▶ _PROVIDED INFORMATION_
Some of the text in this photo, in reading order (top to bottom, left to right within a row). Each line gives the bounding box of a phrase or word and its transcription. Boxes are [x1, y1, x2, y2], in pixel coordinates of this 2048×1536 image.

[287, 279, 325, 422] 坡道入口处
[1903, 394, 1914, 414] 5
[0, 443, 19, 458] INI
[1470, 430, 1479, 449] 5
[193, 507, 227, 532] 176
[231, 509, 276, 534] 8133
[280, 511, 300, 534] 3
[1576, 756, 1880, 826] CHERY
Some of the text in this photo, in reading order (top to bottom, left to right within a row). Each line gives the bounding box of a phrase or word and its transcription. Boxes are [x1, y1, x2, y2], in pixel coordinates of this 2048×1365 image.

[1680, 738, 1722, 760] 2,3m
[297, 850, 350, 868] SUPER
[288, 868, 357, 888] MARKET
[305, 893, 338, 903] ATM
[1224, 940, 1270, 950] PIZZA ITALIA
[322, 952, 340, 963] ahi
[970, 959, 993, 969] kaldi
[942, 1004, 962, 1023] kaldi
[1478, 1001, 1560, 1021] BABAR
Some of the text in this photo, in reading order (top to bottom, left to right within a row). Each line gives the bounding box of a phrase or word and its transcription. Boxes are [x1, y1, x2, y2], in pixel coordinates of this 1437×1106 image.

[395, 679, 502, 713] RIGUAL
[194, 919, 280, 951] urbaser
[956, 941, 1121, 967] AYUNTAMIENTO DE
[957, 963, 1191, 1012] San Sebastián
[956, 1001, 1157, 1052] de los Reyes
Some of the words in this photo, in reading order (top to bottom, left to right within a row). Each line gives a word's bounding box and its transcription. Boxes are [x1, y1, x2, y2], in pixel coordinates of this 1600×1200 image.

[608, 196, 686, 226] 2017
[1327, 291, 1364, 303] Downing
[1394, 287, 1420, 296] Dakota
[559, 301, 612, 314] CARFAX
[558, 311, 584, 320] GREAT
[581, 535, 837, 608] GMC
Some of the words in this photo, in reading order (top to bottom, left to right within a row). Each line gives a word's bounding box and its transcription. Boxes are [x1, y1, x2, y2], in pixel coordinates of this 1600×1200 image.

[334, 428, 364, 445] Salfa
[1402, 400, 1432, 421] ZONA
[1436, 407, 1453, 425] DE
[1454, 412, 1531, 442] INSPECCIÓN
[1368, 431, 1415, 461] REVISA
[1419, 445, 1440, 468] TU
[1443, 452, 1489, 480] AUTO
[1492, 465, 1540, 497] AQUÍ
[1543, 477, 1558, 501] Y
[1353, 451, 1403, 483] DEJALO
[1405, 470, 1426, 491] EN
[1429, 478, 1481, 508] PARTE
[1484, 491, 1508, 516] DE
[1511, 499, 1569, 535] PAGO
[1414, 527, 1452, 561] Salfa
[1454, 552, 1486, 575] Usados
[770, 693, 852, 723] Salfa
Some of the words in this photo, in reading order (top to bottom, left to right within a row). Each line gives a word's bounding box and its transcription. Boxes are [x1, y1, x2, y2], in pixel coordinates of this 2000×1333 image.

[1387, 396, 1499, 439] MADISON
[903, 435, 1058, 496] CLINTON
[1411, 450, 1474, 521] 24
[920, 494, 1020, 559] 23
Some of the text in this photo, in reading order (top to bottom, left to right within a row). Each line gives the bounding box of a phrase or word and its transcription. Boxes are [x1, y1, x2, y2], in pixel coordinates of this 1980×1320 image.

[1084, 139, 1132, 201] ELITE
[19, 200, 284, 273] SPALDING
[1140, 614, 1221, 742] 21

▶ _YOUR ASSIGNMENT_
An exact copy of the entire material is required.

▶ _RESULT BELOW_
Some of the text in this photo, in reading order (top to bottom, left to right within a row). Each line gives the bounding box of a phrase or word and its transcription. Boxes are [x1, y1, x2, y2], in pixel coordinates of this 2048×1536 image.

[287, 279, 325, 422] 坡道入口处
[1903, 394, 1914, 414] 5
[0, 443, 19, 458] INI
[1470, 430, 1479, 449] 5
[193, 507, 227, 532] 176
[231, 509, 276, 534] 8133
[280, 511, 300, 534] 3
[1576, 756, 1880, 826] CHERY
Some of the text in this photo, in reading order (top to bottom, left to right within a row). Each line gives the bounding box of a phrase or word and its transcription. Boxes are [x1, y1, x2, y2], in pixel coordinates of this 2048×1365 image.

[1680, 738, 1722, 760] 2,3m
[297, 850, 350, 868] SUPER
[288, 868, 357, 888] MARKET
[305, 893, 338, 903] ATM
[1224, 940, 1270, 950] PIZZA ITALIA
[322, 952, 340, 963] ahi
[970, 959, 993, 969] kaldi
[942, 1004, 962, 1023] kaldi
[1478, 1001, 1560, 1021] BABAR
Some of the text in this photo, in reading order (top to bottom, left to right within a row). Each line gives the bounding box of a phrase or word and its transcription. Boxes are [x1, y1, x2, y2], in pixel coordinates of this 1437×1106 image.

[395, 679, 502, 713] RIGUAL
[194, 919, 280, 951] urbaser
[956, 941, 1121, 967] AYUNTAMIENTO DE
[957, 963, 1191, 1012] San Sebastián
[956, 1001, 1157, 1052] de los Reyes
Some of the words in this photo, in reading order (top to bottom, left to right within a row). Each line gives a word's bounding box and its transcription. Boxes are [x1, y1, x2, y2], in pixel coordinates of this 1600×1200 image.

[608, 196, 686, 226] 2017
[1327, 291, 1364, 303] Downing
[1394, 287, 1420, 296] Dakota
[559, 301, 612, 314] CARFAX
[558, 311, 584, 320] GREAT
[581, 535, 837, 608] GMC
Some of the words in this photo, in reading order (top to bottom, left to right within a row). Each line gives a word's bounding box and its transcription. Boxes are [x1, y1, x2, y2], in pixel coordinates of this 1600×1200 image.

[334, 428, 364, 445] Salfa
[1402, 400, 1432, 421] ZONA
[1436, 407, 1453, 425] DE
[1454, 412, 1531, 442] INSPECCIÓN
[1368, 431, 1415, 461] REVISA
[1419, 445, 1440, 468] TU
[1443, 452, 1489, 480] AUTO
[1492, 465, 1540, 497] AQUÍ
[1543, 477, 1558, 501] Y
[1353, 451, 1403, 483] DEJALO
[1405, 470, 1426, 491] EN
[1429, 478, 1481, 508] PARTE
[1484, 491, 1508, 516] DE
[1511, 499, 1569, 535] PAGO
[1414, 527, 1452, 561] Salfa
[1454, 552, 1486, 575] Usados
[770, 693, 852, 723] Salfa
Some of the words in this photo, in reading order (top to bottom, left to right within a row). Each line gives a word's bounding box and its transcription. Boxes are [x1, y1, x2, y2], in pixel coordinates of this 2000×1333 image.

[1387, 396, 1499, 439] MADISON
[903, 435, 1058, 496] CLINTON
[1411, 450, 1474, 521] 24
[920, 494, 1020, 559] 23
Some of the text in this photo, in reading order (top to bottom, left to right within a row). Each line gives the bounding box of a phrase or word and its transcription. Boxes are [x1, y1, x2, y2], in pixel coordinates of this 1980×1320 image.

[1084, 139, 1132, 201] ELITE
[19, 200, 284, 273] SPALDING
[1140, 614, 1221, 742] 21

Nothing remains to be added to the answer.